Two places in which this is discussed are Gompf and Stipsicz's book *4-manifolds and Kirby calculus* (Sections 5.2 and 5.3) and Ozbagci and Stipsicz's *Surgery on contact 3-manifolds and Stein surfaces* (Chapter 2). The reason this is not discussed in many knot theory references is that this is more of a 3.5-dimensional issue (that is, in between dimension 3 and dimension 4) than a knot-theoretical one.

Yes, this makes sense in arbitrary 3-manifolds, since the fact that $q=1$ is independent of your choice of longitude. The meridian is always well-defined, and any two longitudes differ by a multiple of the meridian, so having an expression of the form $p\mu + \lambda$ is independent of which $\lambda$ you choose. (The $p$ will vary, of course.) A different, arguably "better" perspective is that this corresponds to attaching a 4-dimensional 2-handle to $M \times I$ along $K$, which is what the two references I gave you are mostly about.

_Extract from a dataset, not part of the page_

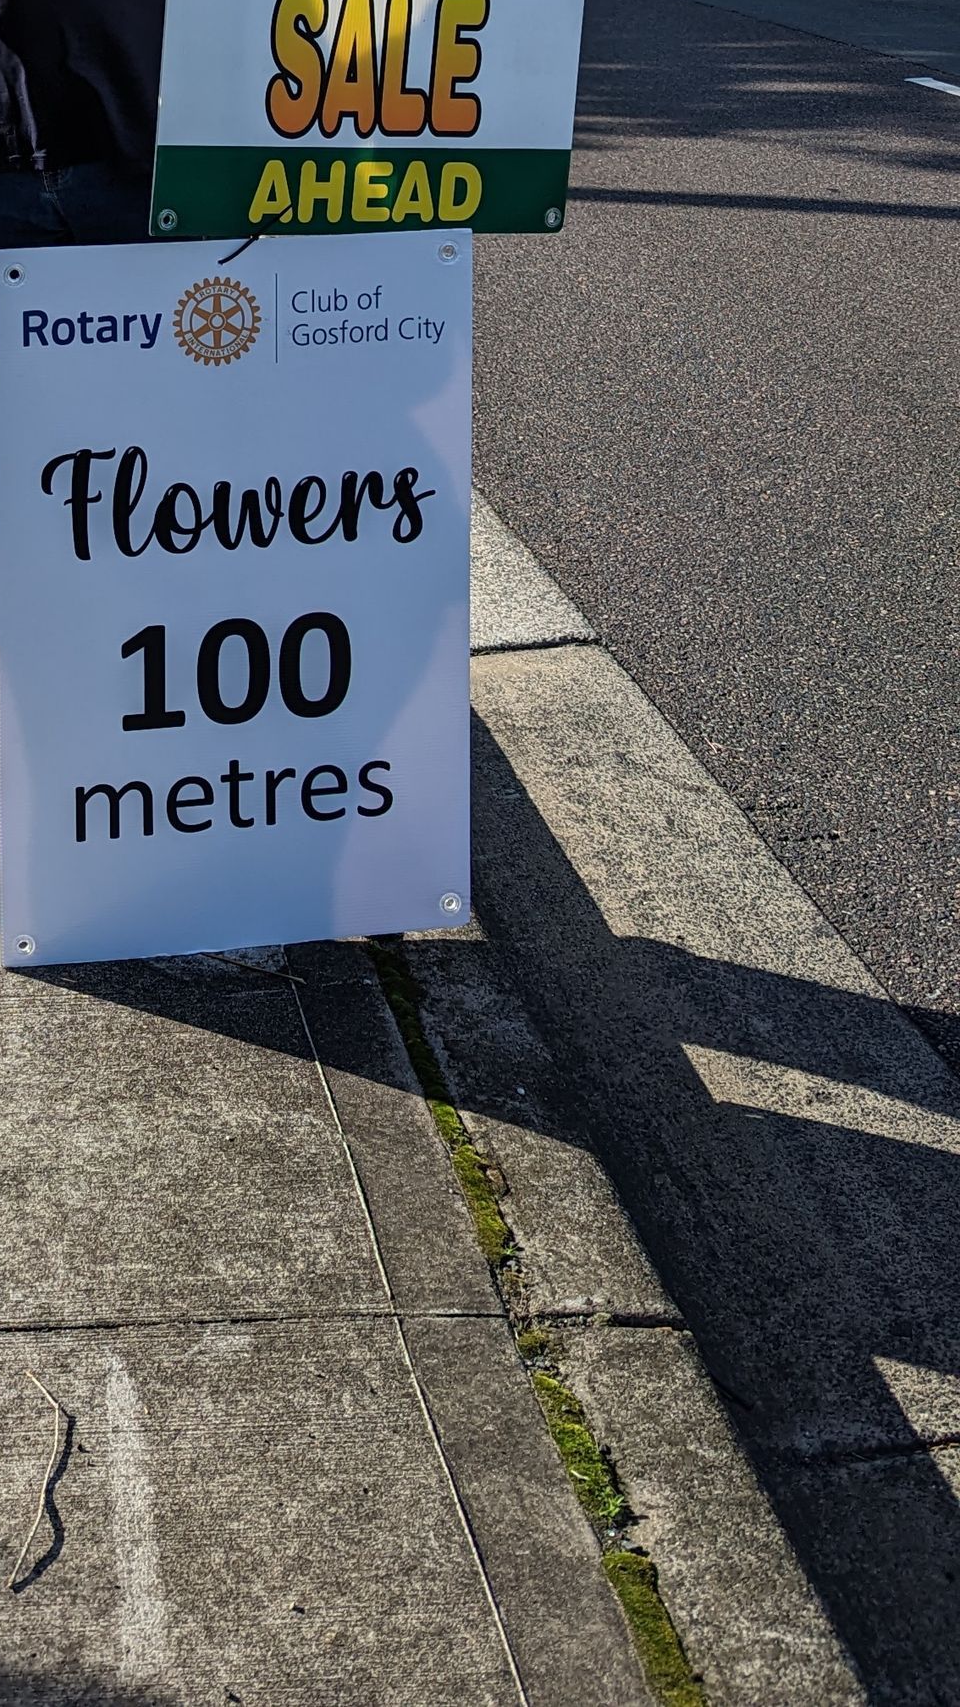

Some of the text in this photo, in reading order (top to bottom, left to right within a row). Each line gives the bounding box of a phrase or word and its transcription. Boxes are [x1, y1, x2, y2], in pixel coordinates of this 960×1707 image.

I'm not sure what you mean by "how about", so I'll at least tell you that the construction you have for knots in $S^3$ is completely general, and it goes by the name of "Dehn surgery". You can do it for any knot in any 3-manifold, and the datum you need is just the choice of (the homology class of) a simple closed curve in $\partial N(K)$, also called the slope (which is your $(p,q)$ or $p/q$). The only drawback is that if $K$ and $M$ are arbitrary you don't have a canonical way to translate this slope into a rational number, unless $K$ is null-homologous in $M$ (see below).

About 2., let me add that the choice of $\lambda$ is not only non-obvious, but also not possible in general. The only instance in which there is a canonical choice of $\lambda$ is when the knot $K$ is null-homologous in $M$, i.e. $[K] \in H_1(M;\mathbb{Z})$ vanishes. Then you have a preferred longitude (still called the Seifert longitude), which is the only curve on $\partial N(K)$ (up to isotopy) whose homology class dies in $H_1(M\setminus K; \mathbb{Z})$.

In general, whenever you have a knot $K \subset M$, you always have a rank-1 subgroup of $H_1(\partial N(K); \mathbb{Z})$ which dies in $H_1(M \setminus K; \mathbb{Z})$. This group needs not be generated by a primitive element, so there might be no simple closed curve on $\partial N(K)$ that bounds a surface in $M \setminus {\rm int}(N(K))$. It will be generated by a longitude if and only if $K$ is null-homologous in $M$.